ASSIGNMENT: Output every entry below word for word, without its pictures.

MATERIAL TO PROCESS:

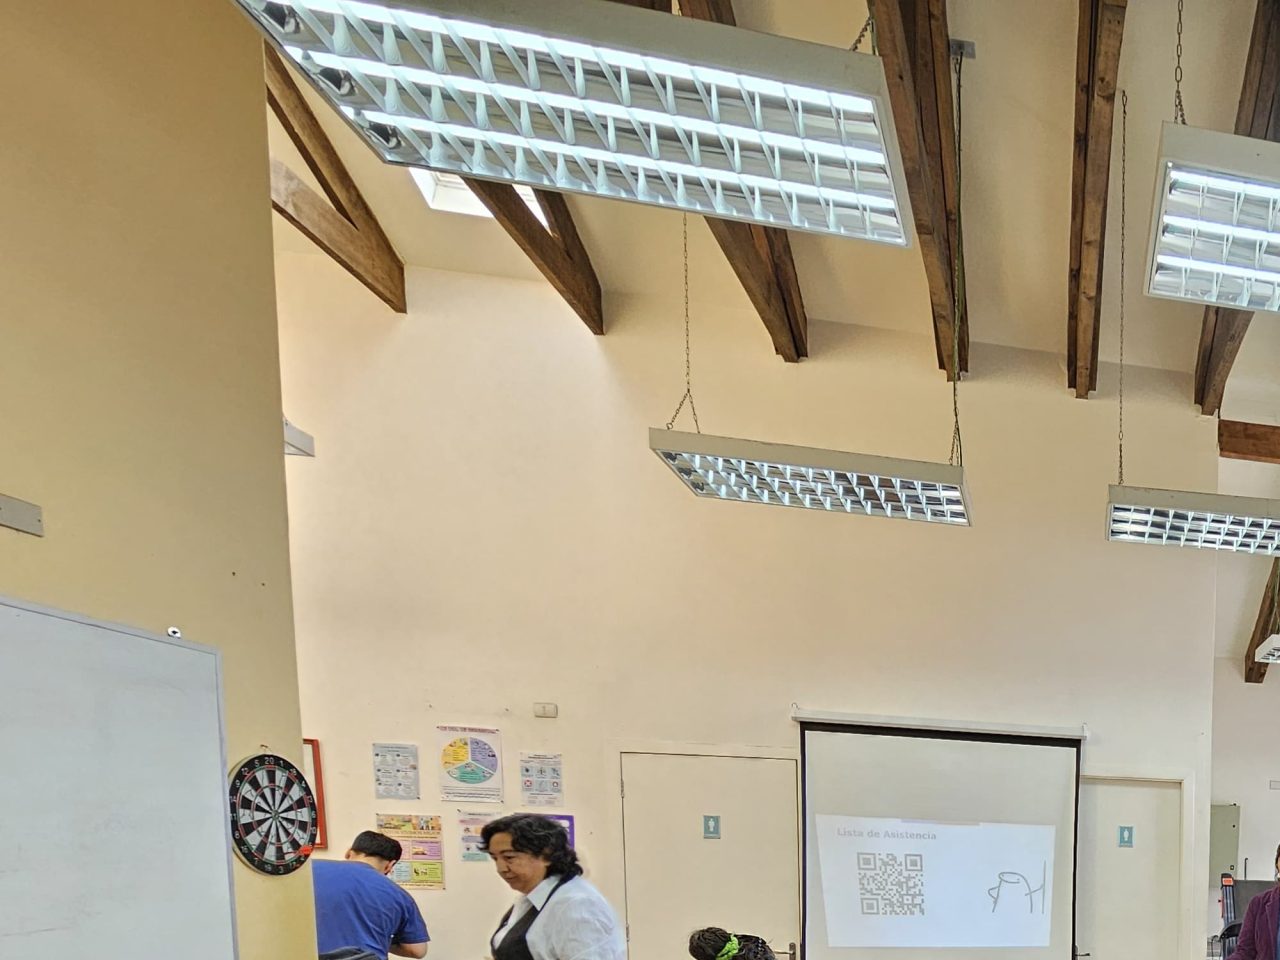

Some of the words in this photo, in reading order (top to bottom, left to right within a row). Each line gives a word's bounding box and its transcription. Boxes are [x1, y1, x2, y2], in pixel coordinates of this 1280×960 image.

[264, 756, 274, 765] 20
[837, 828, 864, 837] Lista
[867, 829, 880, 838] de
[883, 830, 937, 840] Asistencia
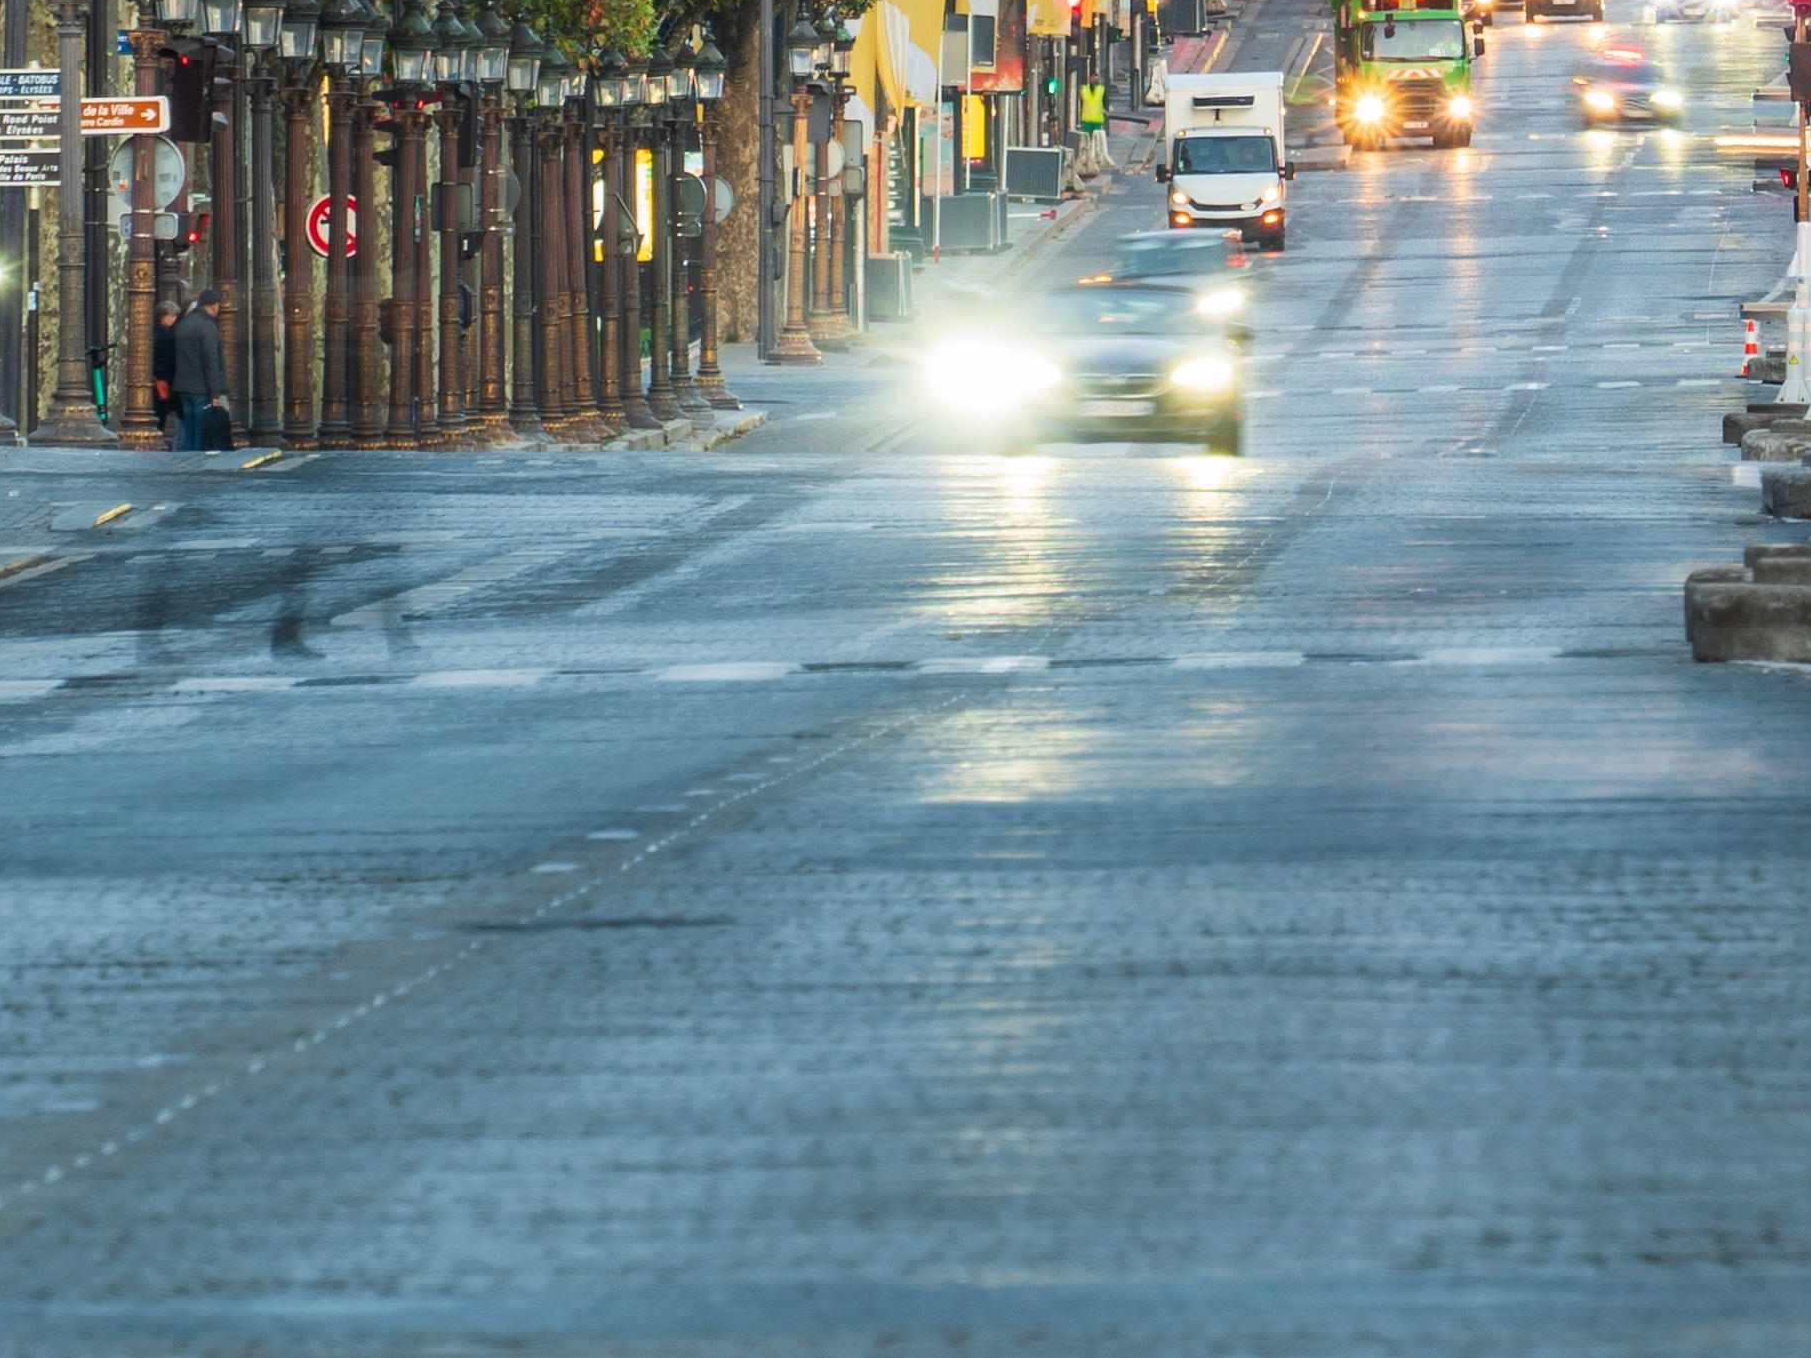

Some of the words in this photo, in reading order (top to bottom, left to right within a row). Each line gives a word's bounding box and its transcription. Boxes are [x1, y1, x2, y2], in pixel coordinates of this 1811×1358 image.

EXPECTED ANSWER:
Some of the words in this photo, in reading order (top to bottom, left to right within a row). Each line gives a word's bounding box and its transcription. Boxes are [x1, y1, x2, y2], in pixel coordinates of this 1280×960 image.

[264, 756, 274, 765] 20
[837, 828, 864, 837] Lista
[867, 829, 880, 838] de
[883, 830, 937, 840] Asistencia

Some of the words in this photo, in reading order (top to bottom, left to right within a row). Each line gives a word's bounding box and its transcription. Boxes are [x1, y1, x2, y2], in pixel coordinates of this 1811×1358 image.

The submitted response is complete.